- **Task prompt**
Reproduce each record below exactly as written.
BEGIN
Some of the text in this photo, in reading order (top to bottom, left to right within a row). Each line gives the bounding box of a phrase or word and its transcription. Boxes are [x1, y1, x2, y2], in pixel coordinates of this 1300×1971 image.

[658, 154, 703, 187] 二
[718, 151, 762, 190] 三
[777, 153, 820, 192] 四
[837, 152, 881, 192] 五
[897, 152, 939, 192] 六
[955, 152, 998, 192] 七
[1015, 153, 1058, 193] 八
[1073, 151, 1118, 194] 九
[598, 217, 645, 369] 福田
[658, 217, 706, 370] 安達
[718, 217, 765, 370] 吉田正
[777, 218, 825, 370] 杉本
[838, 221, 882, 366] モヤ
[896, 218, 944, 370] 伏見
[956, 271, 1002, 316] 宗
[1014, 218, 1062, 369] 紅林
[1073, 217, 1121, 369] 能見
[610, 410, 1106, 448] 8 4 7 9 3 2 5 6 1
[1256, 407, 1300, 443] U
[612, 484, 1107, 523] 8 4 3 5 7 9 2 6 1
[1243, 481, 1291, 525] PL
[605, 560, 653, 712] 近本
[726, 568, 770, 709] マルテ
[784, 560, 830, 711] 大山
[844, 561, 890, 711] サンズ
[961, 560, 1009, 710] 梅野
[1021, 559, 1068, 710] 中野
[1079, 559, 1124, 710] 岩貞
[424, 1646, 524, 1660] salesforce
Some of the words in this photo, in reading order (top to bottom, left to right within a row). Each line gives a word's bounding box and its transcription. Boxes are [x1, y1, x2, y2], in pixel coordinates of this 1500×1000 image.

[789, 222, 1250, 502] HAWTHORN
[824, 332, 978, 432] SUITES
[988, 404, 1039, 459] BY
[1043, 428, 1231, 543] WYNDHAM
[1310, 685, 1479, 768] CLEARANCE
END
- **Solved problem**
Some of the text in this photo, in reading order (top to bottom, left to right within a row). Each line gives the bounding box of a phrase or word and its transcription. Boxes are [x1, y1, x2, y2], in pixel coordinates of this 1300×1971 image.

[658, 154, 703, 187] 二
[718, 151, 762, 190] 三
[777, 153, 820, 192] 四
[837, 152, 881, 192] 五
[897, 152, 939, 192] 六
[955, 152, 998, 192] 七
[1015, 153, 1058, 193] 八
[1073, 151, 1118, 194] 九
[598, 217, 645, 369] 福田
[658, 217, 706, 370] 安達
[718, 217, 765, 370] 吉田正
[777, 218, 825, 370] 杉本
[838, 221, 882, 366] モヤ
[896, 218, 944, 370] 伏見
[956, 271, 1002, 316] 宗
[1014, 218, 1062, 369] 紅林
[1073, 217, 1121, 369] 能見
[610, 410, 1106, 448] 8 4 7 9 3 2 5 6 1
[1256, 407, 1300, 443] U
[612, 484, 1107, 523] 8 4 3 5 7 9 2 6 1
[1243, 481, 1291, 525] PL
[605, 560, 653, 712] 近本
[726, 568, 770, 709] マルテ
[784, 560, 830, 711] 大山
[844, 561, 890, 711] サンズ
[961, 560, 1009, 710] 梅野
[1021, 559, 1068, 710] 中野
[1079, 559, 1124, 710] 岩貞
[424, 1646, 524, 1660] salesforce
Some of the words in this photo, in reading order (top to bottom, left to right within a row). Each line gives a word's bounding box and its transcription. Boxes are [x1, y1, x2, y2], in pixel coordinates of this 1500×1000 image.

[789, 222, 1250, 502] HAWTHORN
[824, 332, 978, 432] SUITES
[988, 404, 1039, 459] BY
[1043, 428, 1231, 543] WYNDHAM
[1310, 685, 1479, 768] CLEARANCE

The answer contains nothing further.